(Spatial localization data)

• • •

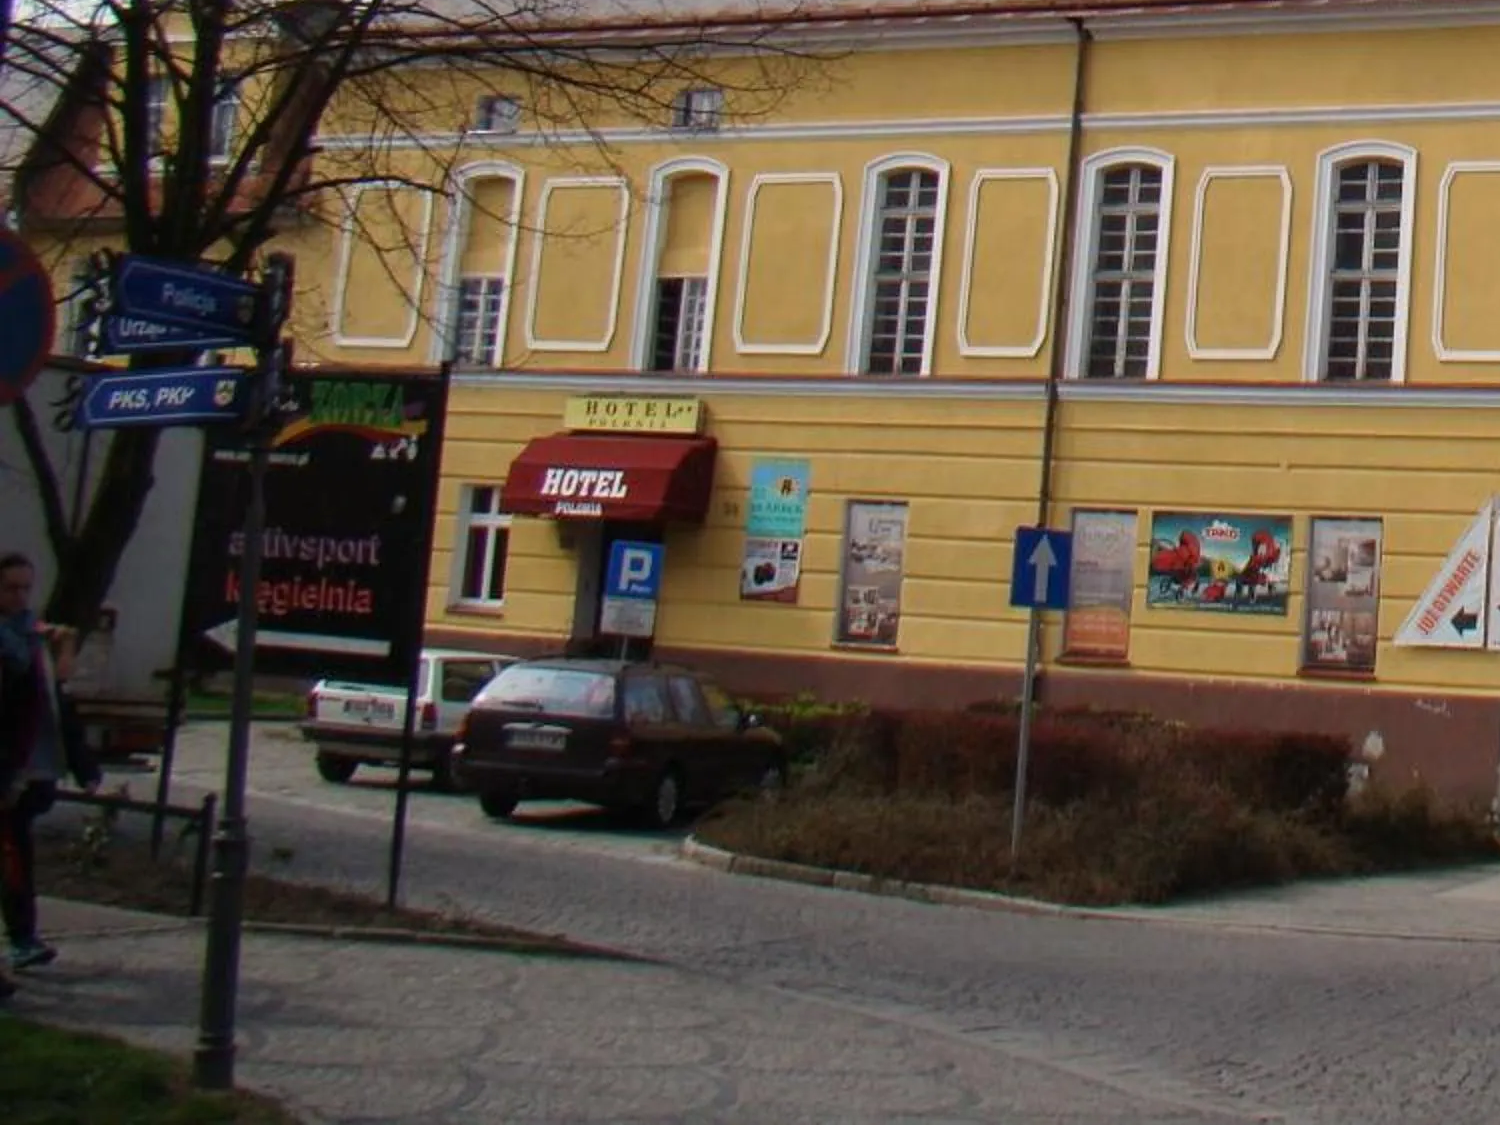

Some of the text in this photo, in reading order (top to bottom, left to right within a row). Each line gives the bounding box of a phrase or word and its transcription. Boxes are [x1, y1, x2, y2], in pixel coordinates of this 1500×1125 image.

[108, 388, 151, 411] PKS,
[585, 399, 676, 419] HOTEL
[540, 467, 629, 499] HOTEL
[554, 499, 604, 516] POLONIA
[228, 526, 383, 568] ativsport
[618, 547, 654, 591] P
[1434, 547, 1483, 613] OTWARTE
[225, 570, 374, 615] kęgielnia
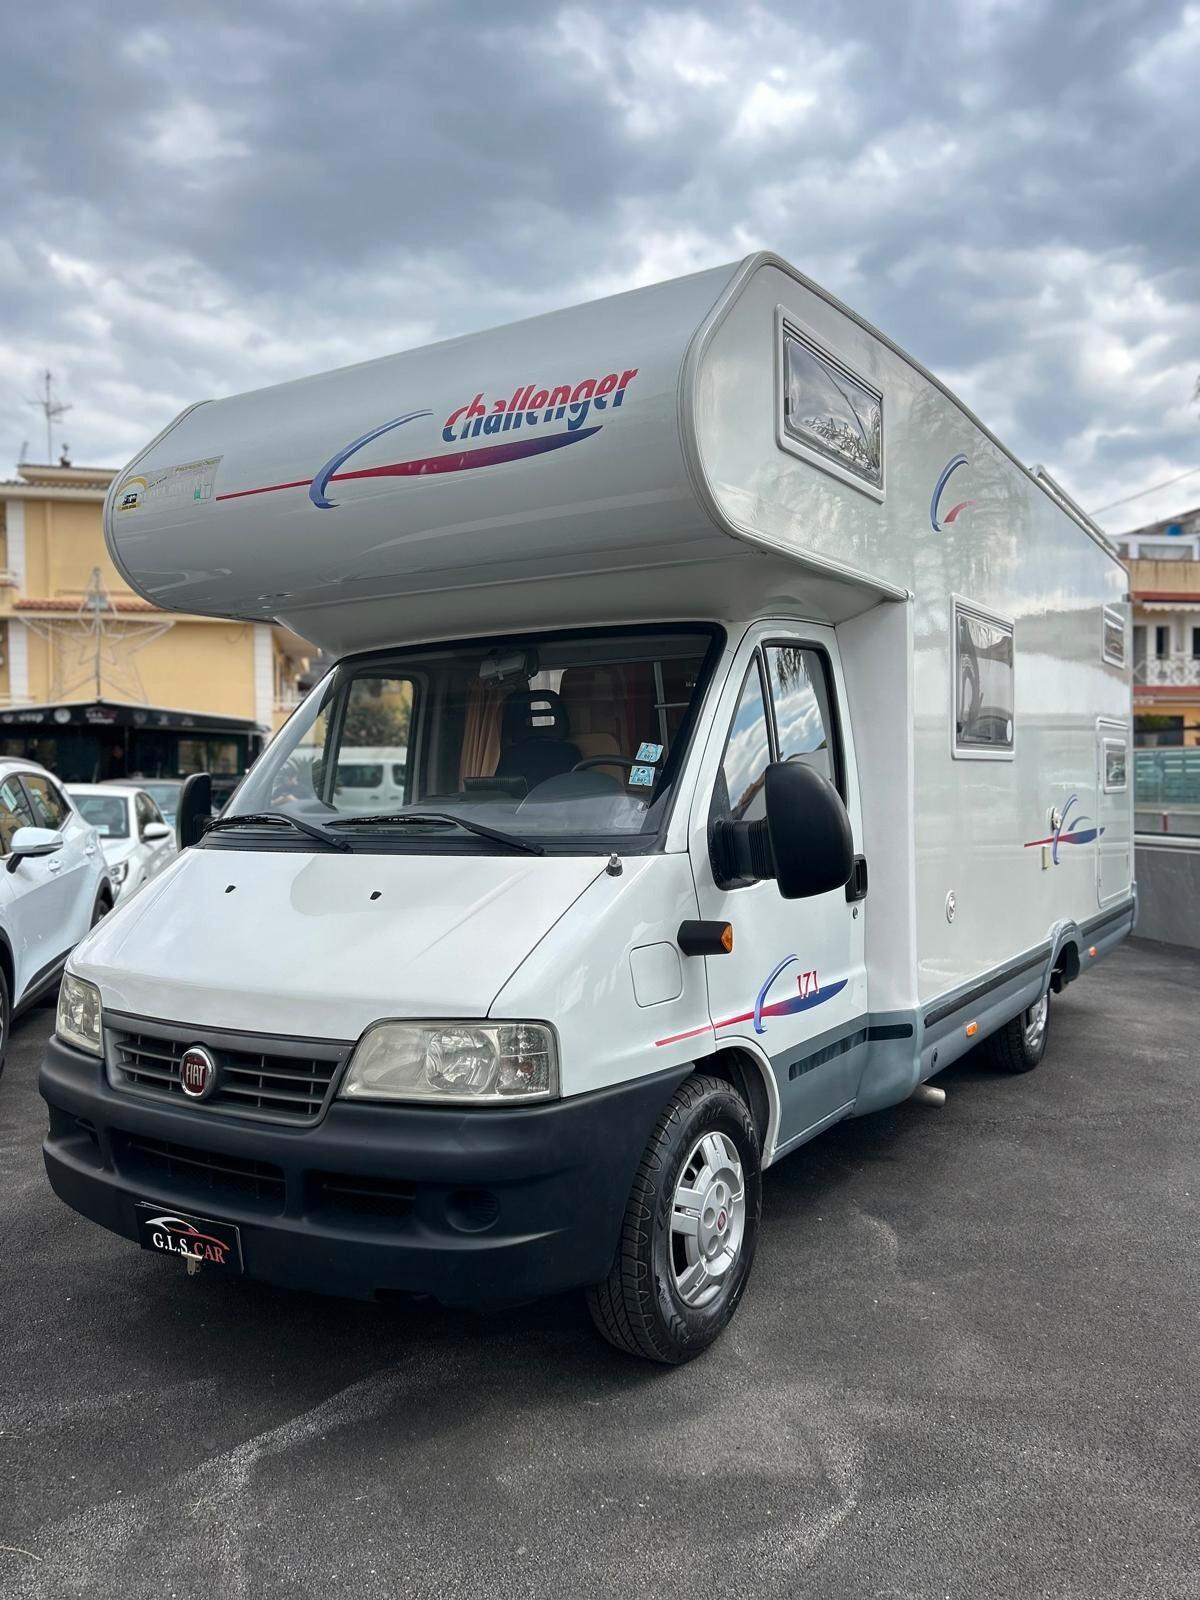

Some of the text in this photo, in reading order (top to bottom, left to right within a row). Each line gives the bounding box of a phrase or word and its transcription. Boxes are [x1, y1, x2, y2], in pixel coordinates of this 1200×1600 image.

[442, 368, 639, 442] Challenger
[797, 970, 819, 999] 171
[186, 1063, 205, 1086] FIAT
[152, 1232, 226, 1264] G.L.S. CAR
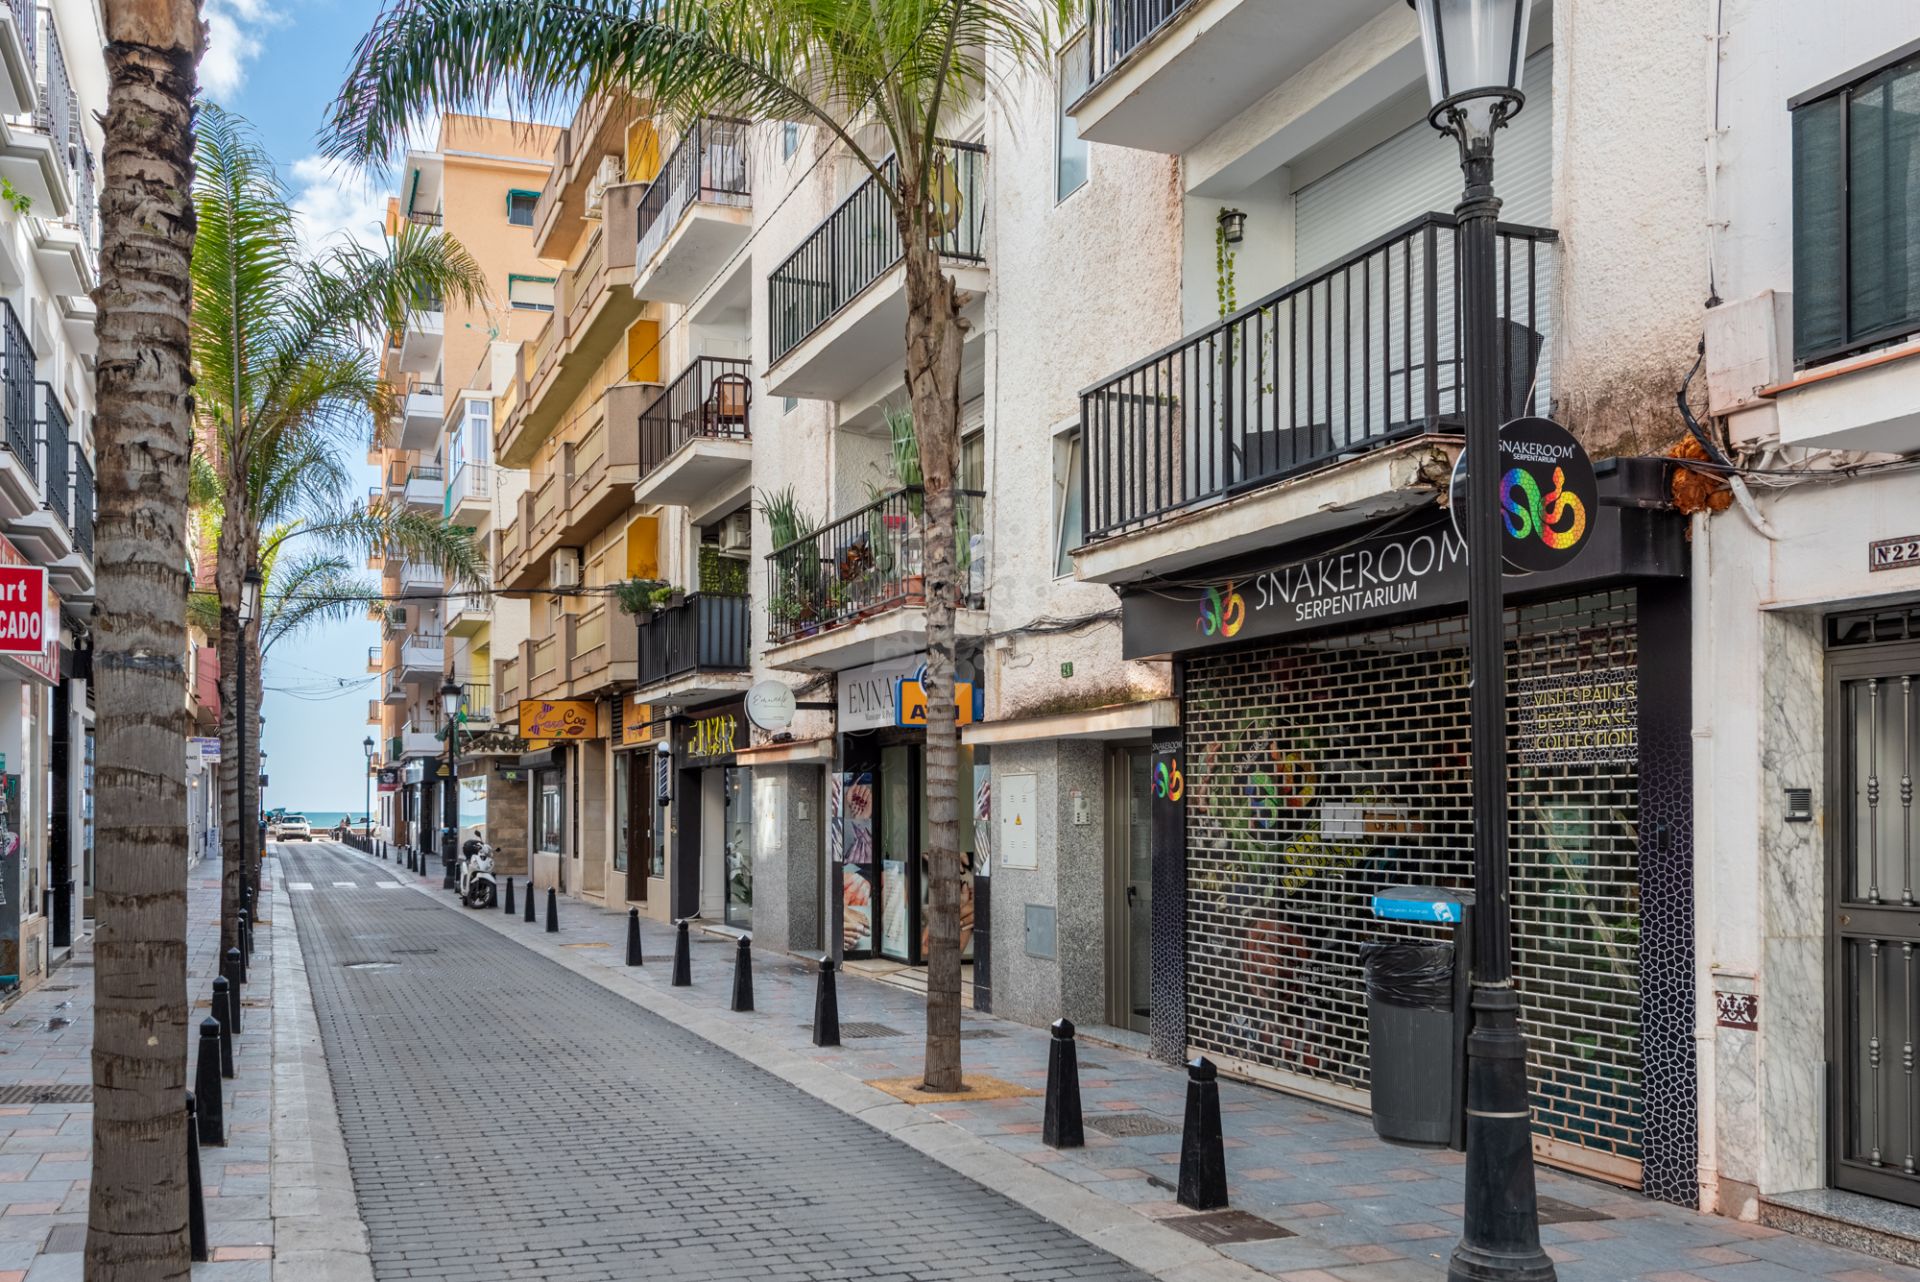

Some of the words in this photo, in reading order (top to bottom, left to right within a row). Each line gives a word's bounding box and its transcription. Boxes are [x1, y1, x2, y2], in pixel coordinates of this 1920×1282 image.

[1513, 452, 1557, 464] SERPENTARIUM
[1256, 530, 1468, 610] SNAKEROOM
[1295, 580, 1417, 622] SERPENTARIUM
[0, 611, 41, 640] CADO
[1534, 690, 1568, 706] VISIT
[1538, 711, 1573, 729] BEST
[1578, 708, 1631, 727] SNAKE
[1536, 730, 1633, 750] COLLECTION

• • •

=== Problem statement ===
Exactly as written, give the entries above again, with no images.

=== Solution for this task ===
Some of the text in this photo, in reading order (top to bottom, left to right within a row). Each line gives the bounding box of a phrase or word and its transcription. Boxes are [x1, y1, x2, y2], in pixel coordinates of this 1500×1125 image.

[108, 388, 151, 411] PKS,
[585, 399, 676, 419] HOTEL
[540, 467, 629, 499] HOTEL
[554, 499, 604, 516] POLONIA
[228, 526, 383, 568] ativsport
[618, 547, 654, 591] P
[1434, 547, 1483, 613] OTWARTE
[225, 570, 374, 615] kęgielnia

Some of the text in this photo, in reading order (top to bottom, left to right within a row). Each line gives the bounding box of a phrase or word and its transcription. Boxes are [x1, y1, x2, y2], in pixel coordinates of this 1200×1600 image.

[442, 368, 639, 442] Challenger
[797, 970, 819, 999] 171
[186, 1063, 205, 1086] FIAT
[152, 1232, 226, 1264] G.L.S. CAR

Some of the words in this photo, in reading order (top to bottom, left to right within a row). Each line gives a word's bounding box and its transcription. Boxes are [x1, y1, x2, y2], in pixel coordinates of this 1920×1282 image.

[1513, 452, 1557, 464] SERPENTARIUM
[1256, 530, 1468, 610] SNAKEROOM
[1295, 580, 1417, 622] SERPENTARIUM
[0, 611, 41, 640] CADO
[1534, 690, 1568, 706] VISIT
[1538, 711, 1573, 729] BEST
[1578, 708, 1631, 727] SNAKE
[1536, 730, 1633, 750] COLLECTION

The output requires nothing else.